> **DATASET**
#####
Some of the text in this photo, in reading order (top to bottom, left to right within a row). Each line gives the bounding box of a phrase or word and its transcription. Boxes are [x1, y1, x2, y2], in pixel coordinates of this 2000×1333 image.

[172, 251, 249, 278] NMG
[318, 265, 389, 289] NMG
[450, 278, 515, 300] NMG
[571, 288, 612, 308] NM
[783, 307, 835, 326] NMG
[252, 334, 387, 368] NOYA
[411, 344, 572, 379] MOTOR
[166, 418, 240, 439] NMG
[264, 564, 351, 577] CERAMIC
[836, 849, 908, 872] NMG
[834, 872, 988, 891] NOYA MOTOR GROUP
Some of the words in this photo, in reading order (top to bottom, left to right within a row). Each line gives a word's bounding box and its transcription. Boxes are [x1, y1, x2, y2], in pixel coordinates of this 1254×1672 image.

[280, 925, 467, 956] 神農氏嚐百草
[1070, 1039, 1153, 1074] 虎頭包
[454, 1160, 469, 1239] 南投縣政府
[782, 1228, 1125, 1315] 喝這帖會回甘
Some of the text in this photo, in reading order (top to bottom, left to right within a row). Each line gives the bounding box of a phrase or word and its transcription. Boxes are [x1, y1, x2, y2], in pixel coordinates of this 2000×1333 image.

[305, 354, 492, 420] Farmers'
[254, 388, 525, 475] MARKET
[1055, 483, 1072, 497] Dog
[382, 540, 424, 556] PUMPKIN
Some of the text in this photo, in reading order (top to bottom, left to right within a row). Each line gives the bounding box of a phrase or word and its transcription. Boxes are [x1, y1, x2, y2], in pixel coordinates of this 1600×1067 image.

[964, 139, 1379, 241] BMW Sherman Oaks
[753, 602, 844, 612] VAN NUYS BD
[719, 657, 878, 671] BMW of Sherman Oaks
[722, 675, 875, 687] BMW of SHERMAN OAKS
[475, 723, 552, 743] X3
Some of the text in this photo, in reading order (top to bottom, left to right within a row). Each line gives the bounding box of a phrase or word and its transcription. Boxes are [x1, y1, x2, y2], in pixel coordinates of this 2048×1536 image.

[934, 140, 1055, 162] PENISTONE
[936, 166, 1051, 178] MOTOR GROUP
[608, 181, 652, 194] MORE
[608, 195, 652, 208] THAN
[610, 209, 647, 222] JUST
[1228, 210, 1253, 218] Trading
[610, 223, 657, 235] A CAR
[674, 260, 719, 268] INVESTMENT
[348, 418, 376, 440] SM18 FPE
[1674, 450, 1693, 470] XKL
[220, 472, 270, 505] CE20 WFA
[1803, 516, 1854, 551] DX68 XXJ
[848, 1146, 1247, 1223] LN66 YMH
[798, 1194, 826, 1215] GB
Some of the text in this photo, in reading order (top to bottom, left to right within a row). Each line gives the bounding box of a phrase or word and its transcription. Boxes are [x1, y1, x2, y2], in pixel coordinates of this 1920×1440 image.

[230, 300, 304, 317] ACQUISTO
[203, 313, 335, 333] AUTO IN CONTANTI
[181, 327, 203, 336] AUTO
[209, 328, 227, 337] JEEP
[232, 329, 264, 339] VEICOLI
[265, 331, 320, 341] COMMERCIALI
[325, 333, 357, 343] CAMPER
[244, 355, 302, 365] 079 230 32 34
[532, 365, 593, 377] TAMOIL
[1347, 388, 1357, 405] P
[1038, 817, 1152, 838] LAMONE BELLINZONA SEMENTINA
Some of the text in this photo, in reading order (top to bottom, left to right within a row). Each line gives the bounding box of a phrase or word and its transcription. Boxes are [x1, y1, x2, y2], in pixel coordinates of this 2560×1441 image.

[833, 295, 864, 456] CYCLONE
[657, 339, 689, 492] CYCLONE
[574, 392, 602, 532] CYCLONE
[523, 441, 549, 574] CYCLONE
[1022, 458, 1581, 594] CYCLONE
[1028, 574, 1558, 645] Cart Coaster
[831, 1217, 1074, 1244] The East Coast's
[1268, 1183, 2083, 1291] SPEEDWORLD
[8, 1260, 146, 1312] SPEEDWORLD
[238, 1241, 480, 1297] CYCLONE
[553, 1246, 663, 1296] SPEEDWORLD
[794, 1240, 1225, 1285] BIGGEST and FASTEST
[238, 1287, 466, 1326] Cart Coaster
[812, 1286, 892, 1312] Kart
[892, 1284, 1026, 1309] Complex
#####
> **YOUR ASSIGNMENT**
Reproduce the records exactly, keeping every line.

> **EXERCISE RESPONSE**
Some of the text in this photo, in reading order (top to bottom, left to right within a row). Each line gives the bounding box of a phrase or word and its transcription. Boxes are [x1, y1, x2, y2], in pixel coordinates of this 2000×1333 image.

[172, 251, 249, 278] NMG
[318, 265, 389, 289] NMG
[450, 278, 515, 300] NMG
[571, 288, 612, 308] NM
[783, 307, 835, 326] NMG
[252, 334, 387, 368] NOYA
[411, 344, 572, 379] MOTOR
[166, 418, 240, 439] NMG
[264, 564, 351, 577] CERAMIC
[836, 849, 908, 872] NMG
[834, 872, 988, 891] NOYA MOTOR GROUP
Some of the words in this photo, in reading order (top to bottom, left to right within a row). Each line gives a word's bounding box and its transcription. Boxes are [x1, y1, x2, y2], in pixel coordinates of this 1254×1672 image.

[280, 925, 467, 956] 神農氏嚐百草
[1070, 1039, 1153, 1074] 虎頭包
[454, 1160, 469, 1239] 南投縣政府
[782, 1228, 1125, 1315] 喝這帖會回甘
Some of the text in this photo, in reading order (top to bottom, left to right within a row). Each line gives the bounding box of a phrase or word and its transcription. Boxes are [x1, y1, x2, y2], in pixel coordinates of this 2000×1333 image.

[305, 354, 492, 420] Farmers'
[254, 388, 525, 475] MARKET
[1055, 483, 1072, 497] Dog
[382, 540, 424, 556] PUMPKIN
Some of the text in this photo, in reading order (top to bottom, left to right within a row). Each line gives the bounding box of a phrase or word and its transcription. Boxes are [x1, y1, x2, y2], in pixel coordinates of this 1600×1067 image.

[964, 139, 1379, 241] BMW Sherman Oaks
[753, 602, 844, 612] VAN NUYS BD
[719, 657, 878, 671] BMW of Sherman Oaks
[722, 675, 875, 687] BMW of SHERMAN OAKS
[475, 723, 552, 743] X3
Some of the text in this photo, in reading order (top to bottom, left to right within a row). Each line gives the bounding box of a phrase or word and its transcription. Boxes are [x1, y1, x2, y2], in pixel coordinates of this 2048×1536 image.

[934, 140, 1055, 162] PENISTONE
[936, 166, 1051, 178] MOTOR GROUP
[608, 181, 652, 194] MORE
[608, 195, 652, 208] THAN
[610, 209, 647, 222] JUST
[1228, 210, 1253, 218] Trading
[610, 223, 657, 235] A CAR
[674, 260, 719, 268] INVESTMENT
[348, 418, 376, 440] SM18 FPE
[1674, 450, 1693, 470] XKL
[220, 472, 270, 505] CE20 WFA
[1803, 516, 1854, 551] DX68 XXJ
[848, 1146, 1247, 1223] LN66 YMH
[798, 1194, 826, 1215] GB
Some of the text in this photo, in reading order (top to bottom, left to right within a row). Each line gives the bounding box of a phrase or word and its transcription. Boxes are [x1, y1, x2, y2], in pixel coordinates of this 1920×1440 image.

[230, 300, 304, 317] ACQUISTO
[203, 313, 335, 333] AUTO IN CONTANTI
[181, 327, 203, 336] AUTO
[209, 328, 227, 337] JEEP
[232, 329, 264, 339] VEICOLI
[265, 331, 320, 341] COMMERCIALI
[325, 333, 357, 343] CAMPER
[244, 355, 302, 365] 079 230 32 34
[532, 365, 593, 377] TAMOIL
[1347, 388, 1357, 405] P
[1038, 817, 1152, 838] LAMONE BELLINZONA SEMENTINA
Some of the text in this photo, in reading order (top to bottom, left to right within a row). Each line gives the bounding box of a phrase or word and its transcription. Boxes are [x1, y1, x2, y2], in pixel coordinates of this 2560×1441 image.

[833, 295, 864, 456] CYCLONE
[657, 339, 689, 492] CYCLONE
[574, 392, 602, 532] CYCLONE
[523, 441, 549, 574] CYCLONE
[1022, 458, 1581, 594] CYCLONE
[1028, 574, 1558, 645] Cart Coaster
[831, 1217, 1074, 1244] The East Coast's
[1268, 1183, 2083, 1291] SPEEDWORLD
[8, 1260, 146, 1312] SPEEDWORLD
[238, 1241, 480, 1297] CYCLONE
[553, 1246, 663, 1296] SPEEDWORLD
[794, 1240, 1225, 1285] BIGGEST and FASTEST
[238, 1287, 466, 1326] Cart Coaster
[812, 1286, 892, 1312] Kart
[892, 1284, 1026, 1309] Complex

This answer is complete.